Pictures stay out; please output the remaining data exactly.

[PROVIDED INFORMATION — start]

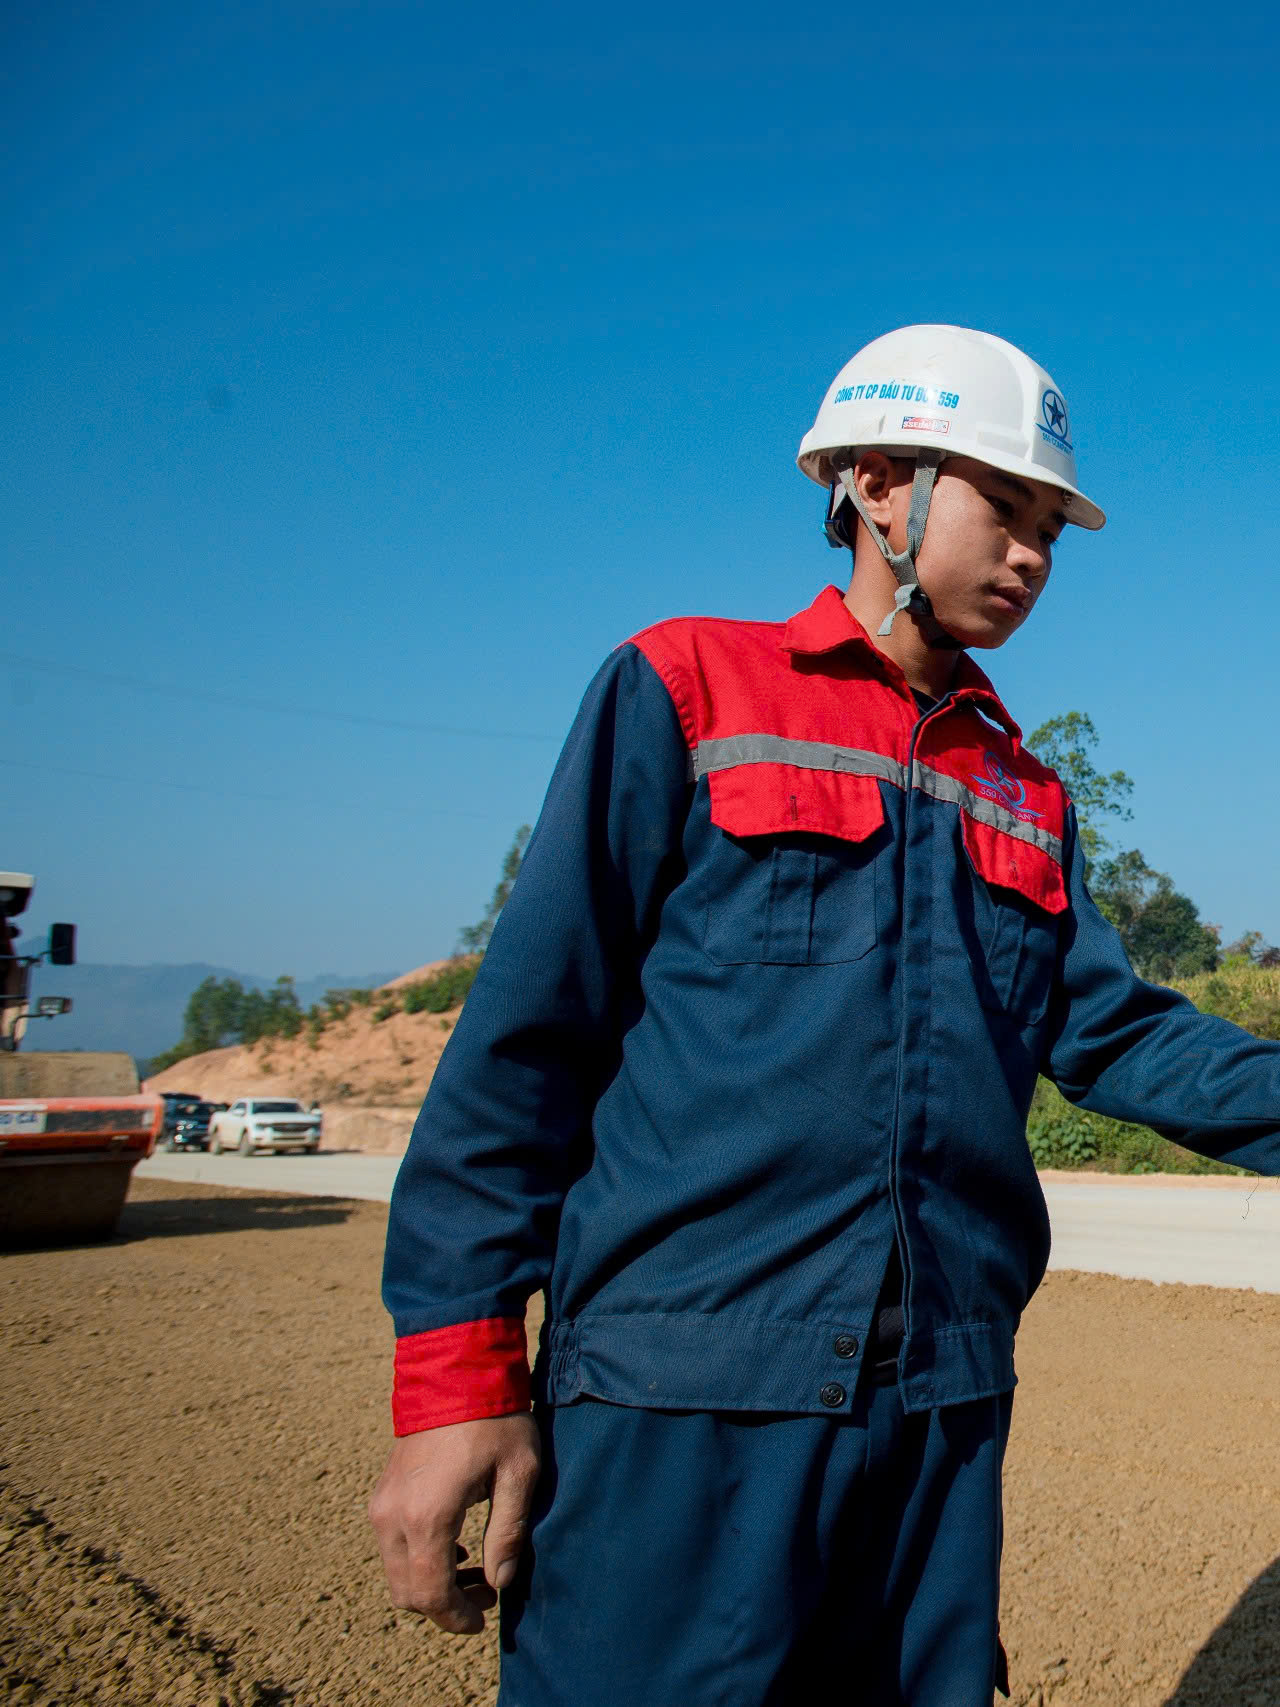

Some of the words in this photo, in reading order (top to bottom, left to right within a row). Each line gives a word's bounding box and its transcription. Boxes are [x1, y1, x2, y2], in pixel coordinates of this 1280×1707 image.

[854, 384, 866, 400] TY
[865, 384, 879, 399] CP
[937, 391, 960, 409] 559
[980, 786, 997, 799] 559
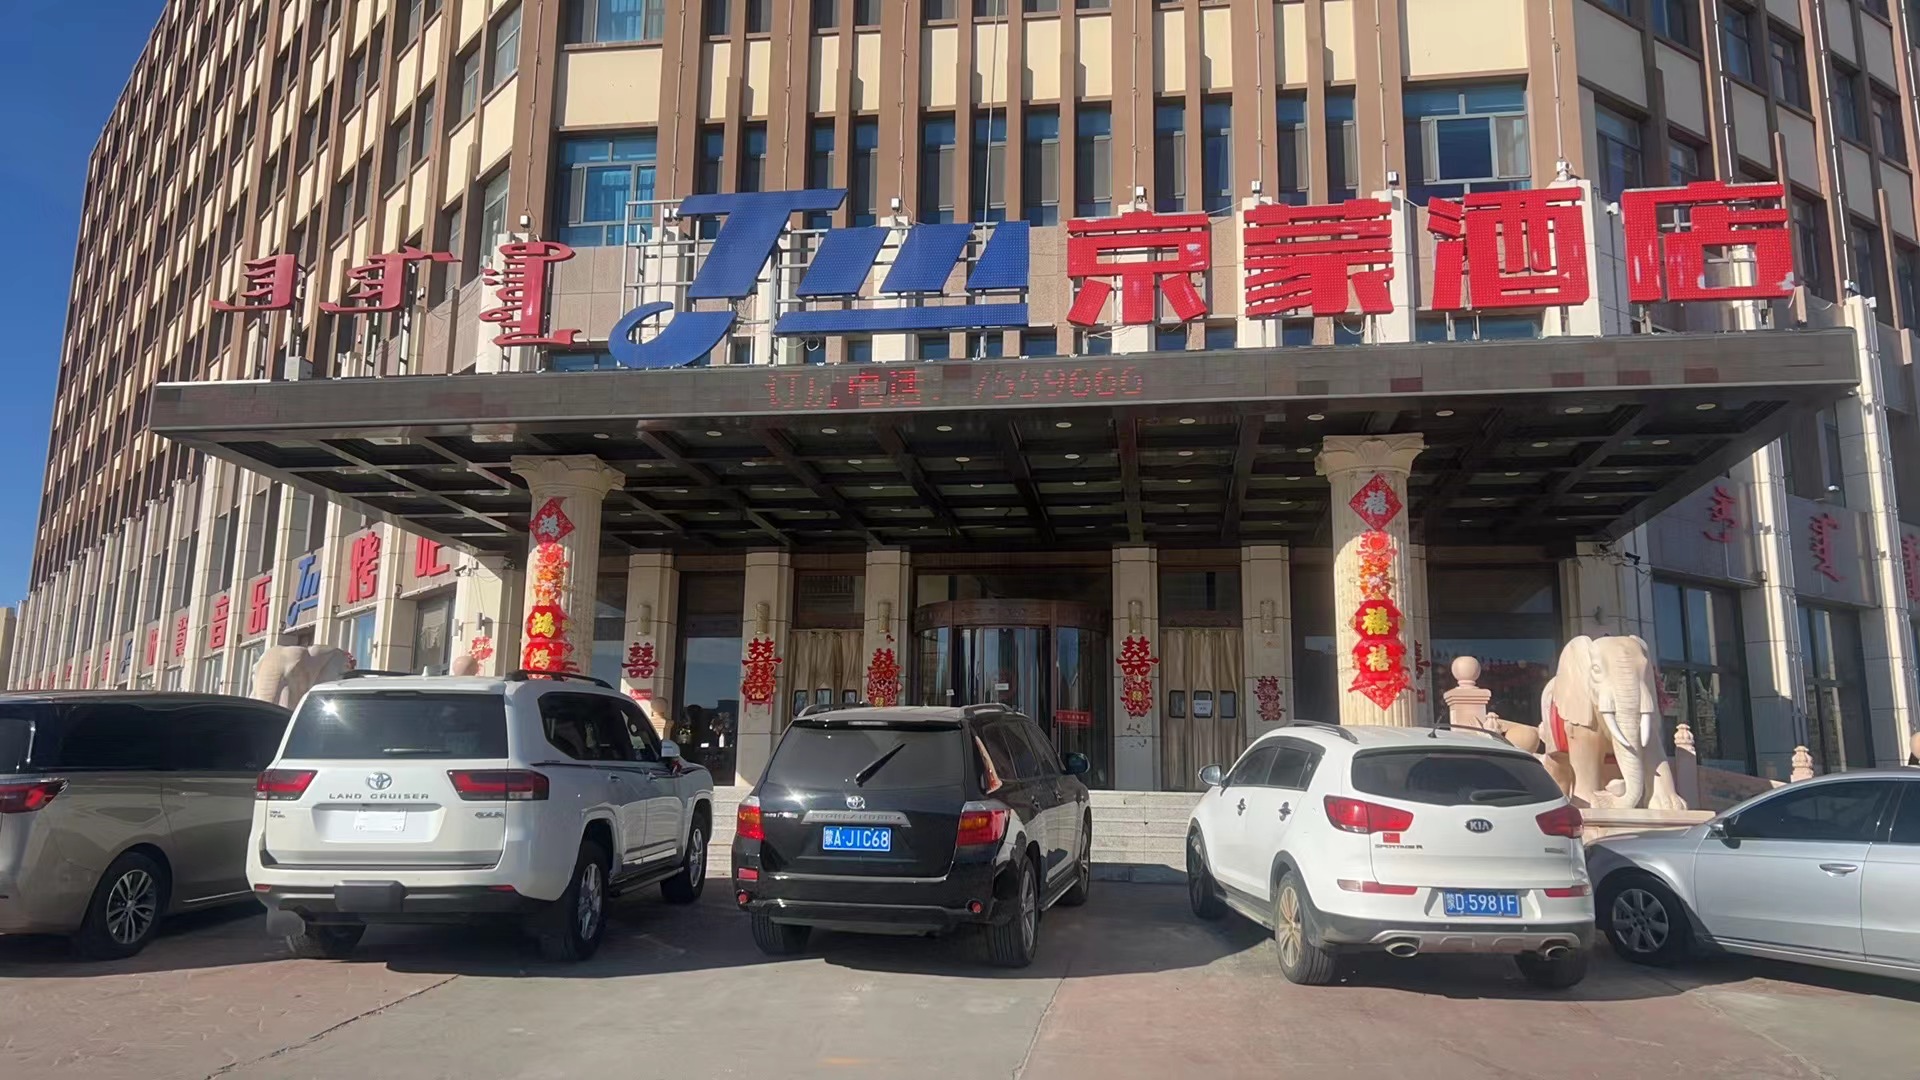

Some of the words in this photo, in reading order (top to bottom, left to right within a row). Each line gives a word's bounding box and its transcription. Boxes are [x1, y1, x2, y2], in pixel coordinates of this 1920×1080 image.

[1066, 179, 1797, 327] 京蒙酒店
[1469, 820, 1490, 831] KIA

[PROVIDED INFORMATION — finish]

**WRITTEN RESPONSE:**
Some of the words in this photo, in reading order (top to bottom, left to right within a row). Each line gives a word's bounding box and its transcription. Boxes are [x1, y1, x2, y2], in pixel coordinates of this 1280×1707 image.

[854, 384, 866, 400] TY
[865, 384, 879, 399] CP
[937, 391, 960, 409] 559
[980, 786, 997, 799] 559

Some of the words in this photo, in reading order (top to bottom, left to right within a row). Each line gives a word's bounding box and its transcription. Boxes are [x1, y1, x2, y2], in pixel coordinates of this 1920×1080 image.

[1066, 179, 1797, 327] 京蒙酒店
[1469, 820, 1490, 831] KIA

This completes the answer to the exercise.